Filter this listing down to the lines that contain the word "THEIR", and copy them.

[[ PROVIDED RECORDS open ]]

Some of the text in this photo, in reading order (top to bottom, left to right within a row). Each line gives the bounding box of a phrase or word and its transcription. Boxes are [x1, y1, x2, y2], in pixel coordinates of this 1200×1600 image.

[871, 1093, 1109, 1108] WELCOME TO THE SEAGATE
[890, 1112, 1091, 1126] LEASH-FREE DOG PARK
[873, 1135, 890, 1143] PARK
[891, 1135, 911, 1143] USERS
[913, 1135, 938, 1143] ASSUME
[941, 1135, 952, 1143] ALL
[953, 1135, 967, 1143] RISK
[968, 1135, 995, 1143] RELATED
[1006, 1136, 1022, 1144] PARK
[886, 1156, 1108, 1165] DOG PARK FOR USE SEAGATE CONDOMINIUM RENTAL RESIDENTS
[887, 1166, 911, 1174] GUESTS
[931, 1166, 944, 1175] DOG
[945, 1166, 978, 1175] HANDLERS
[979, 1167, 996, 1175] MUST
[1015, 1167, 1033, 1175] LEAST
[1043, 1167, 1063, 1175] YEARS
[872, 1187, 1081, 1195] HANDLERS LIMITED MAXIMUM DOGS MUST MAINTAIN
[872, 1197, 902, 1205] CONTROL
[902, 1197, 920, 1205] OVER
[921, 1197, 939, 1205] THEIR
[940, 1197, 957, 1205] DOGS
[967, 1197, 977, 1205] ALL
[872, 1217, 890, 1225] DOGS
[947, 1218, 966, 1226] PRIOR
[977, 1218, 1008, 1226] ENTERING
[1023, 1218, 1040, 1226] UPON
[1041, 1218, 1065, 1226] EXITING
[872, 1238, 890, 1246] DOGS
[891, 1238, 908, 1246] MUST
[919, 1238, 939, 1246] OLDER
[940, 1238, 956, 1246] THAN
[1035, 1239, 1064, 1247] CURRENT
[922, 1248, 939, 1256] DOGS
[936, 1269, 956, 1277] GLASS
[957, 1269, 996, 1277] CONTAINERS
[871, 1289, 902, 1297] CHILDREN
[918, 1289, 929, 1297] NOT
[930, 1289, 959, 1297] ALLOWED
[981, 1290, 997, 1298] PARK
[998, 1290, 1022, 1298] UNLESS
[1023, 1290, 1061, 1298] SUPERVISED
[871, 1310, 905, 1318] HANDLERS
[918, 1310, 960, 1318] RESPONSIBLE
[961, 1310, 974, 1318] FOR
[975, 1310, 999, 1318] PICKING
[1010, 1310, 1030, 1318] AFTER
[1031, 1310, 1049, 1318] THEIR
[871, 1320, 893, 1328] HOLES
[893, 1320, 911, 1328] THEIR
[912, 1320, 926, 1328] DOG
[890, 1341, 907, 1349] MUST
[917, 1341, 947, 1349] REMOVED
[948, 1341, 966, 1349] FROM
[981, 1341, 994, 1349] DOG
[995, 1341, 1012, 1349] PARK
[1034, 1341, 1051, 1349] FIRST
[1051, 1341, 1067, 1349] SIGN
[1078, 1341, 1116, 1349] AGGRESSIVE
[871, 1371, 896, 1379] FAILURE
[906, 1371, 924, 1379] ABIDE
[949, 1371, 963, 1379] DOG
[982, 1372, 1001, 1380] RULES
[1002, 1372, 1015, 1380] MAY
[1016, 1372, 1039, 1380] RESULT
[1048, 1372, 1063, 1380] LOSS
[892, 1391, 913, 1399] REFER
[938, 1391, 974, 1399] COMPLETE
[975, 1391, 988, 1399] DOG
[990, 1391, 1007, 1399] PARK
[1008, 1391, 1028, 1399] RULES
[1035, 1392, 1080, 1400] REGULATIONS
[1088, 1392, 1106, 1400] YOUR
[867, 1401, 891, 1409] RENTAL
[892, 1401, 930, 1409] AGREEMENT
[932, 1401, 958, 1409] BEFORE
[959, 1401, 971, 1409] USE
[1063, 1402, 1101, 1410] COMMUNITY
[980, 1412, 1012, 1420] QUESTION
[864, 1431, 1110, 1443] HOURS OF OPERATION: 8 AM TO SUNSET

[[ PROVIDED RECORDS closed ]]

*RESULT OF THIS TASK*.
[921, 1197, 939, 1205] THEIR
[1031, 1310, 1049, 1318] THEIR
[893, 1320, 911, 1328] THEIR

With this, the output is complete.